## [Provided entries]

* * *

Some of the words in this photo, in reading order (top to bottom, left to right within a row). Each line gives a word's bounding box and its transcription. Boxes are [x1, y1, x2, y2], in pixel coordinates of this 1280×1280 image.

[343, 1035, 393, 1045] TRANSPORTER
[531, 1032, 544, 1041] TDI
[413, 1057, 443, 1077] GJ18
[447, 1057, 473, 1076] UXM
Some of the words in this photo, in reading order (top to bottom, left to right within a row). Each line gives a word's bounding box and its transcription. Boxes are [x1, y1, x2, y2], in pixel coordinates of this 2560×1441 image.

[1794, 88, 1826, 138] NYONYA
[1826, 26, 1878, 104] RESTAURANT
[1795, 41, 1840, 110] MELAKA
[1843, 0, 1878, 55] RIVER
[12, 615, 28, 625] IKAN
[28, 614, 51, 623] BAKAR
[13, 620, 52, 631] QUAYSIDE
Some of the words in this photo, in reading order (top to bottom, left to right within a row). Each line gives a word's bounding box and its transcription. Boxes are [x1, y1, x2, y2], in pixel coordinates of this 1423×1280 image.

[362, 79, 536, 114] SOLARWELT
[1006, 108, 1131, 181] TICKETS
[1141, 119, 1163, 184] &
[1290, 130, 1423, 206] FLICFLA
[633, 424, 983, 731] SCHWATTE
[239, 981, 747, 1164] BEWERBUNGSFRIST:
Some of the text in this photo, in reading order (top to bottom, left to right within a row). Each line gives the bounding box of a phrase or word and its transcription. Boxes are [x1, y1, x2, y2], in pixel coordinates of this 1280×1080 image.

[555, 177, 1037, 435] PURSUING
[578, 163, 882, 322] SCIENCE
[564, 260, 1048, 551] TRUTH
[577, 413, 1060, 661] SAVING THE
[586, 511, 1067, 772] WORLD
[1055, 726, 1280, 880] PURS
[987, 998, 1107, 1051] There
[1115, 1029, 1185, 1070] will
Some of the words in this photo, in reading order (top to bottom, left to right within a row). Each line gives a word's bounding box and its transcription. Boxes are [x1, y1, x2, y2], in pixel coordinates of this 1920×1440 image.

* * *

## [What is required]
A word-for-word repeat of the full data is needed.

## [Solution to this exercise]
Some of the words in this photo, in reading order (top to bottom, left to right within a row). Each line gives a word's bounding box and its transcription. Boxes are [x1, y1, x2, y2], in pixel coordinates of this 1280×1280 image.

[343, 1035, 393, 1045] TRANSPORTER
[531, 1032, 544, 1041] TDI
[413, 1057, 443, 1077] GJ18
[447, 1057, 473, 1076] UXM
Some of the words in this photo, in reading order (top to bottom, left to right within a row). Each line gives a word's bounding box and its transcription. Boxes are [x1, y1, x2, y2], in pixel coordinates of this 2560×1441 image.

[1794, 88, 1826, 138] NYONYA
[1826, 26, 1878, 104] RESTAURANT
[1795, 41, 1840, 110] MELAKA
[1843, 0, 1878, 55] RIVER
[12, 615, 28, 625] IKAN
[28, 614, 51, 623] BAKAR
[13, 620, 52, 631] QUAYSIDE
Some of the words in this photo, in reading order (top to bottom, left to right within a row). Each line gives a word's bounding box and its transcription. Boxes are [x1, y1, x2, y2], in pixel coordinates of this 1423×1280 image.

[362, 79, 536, 114] SOLARWELT
[1006, 108, 1131, 181] TICKETS
[1141, 119, 1163, 184] &
[1290, 130, 1423, 206] FLICFLA
[633, 424, 983, 731] SCHWATTE
[239, 981, 747, 1164] BEWERBUNGSFRIST:
Some of the text in this photo, in reading order (top to bottom, left to right within a row). Each line gives the bounding box of a phrase or word and its transcription. Boxes are [x1, y1, x2, y2], in pixel coordinates of this 1280×1080 image.

[555, 177, 1037, 435] PURSUING
[578, 163, 882, 322] SCIENCE
[564, 260, 1048, 551] TRUTH
[577, 413, 1060, 661] SAVING THE
[586, 511, 1067, 772] WORLD
[1055, 726, 1280, 880] PURS
[987, 998, 1107, 1051] There
[1115, 1029, 1185, 1070] will
Some of the words in this photo, in reading order (top to bottom, left to right within a row). Each line gives a word's bounding box and its transcription. Boxes are [x1, y1, x2, y2], in pixel coordinates of this 1920×1440 image.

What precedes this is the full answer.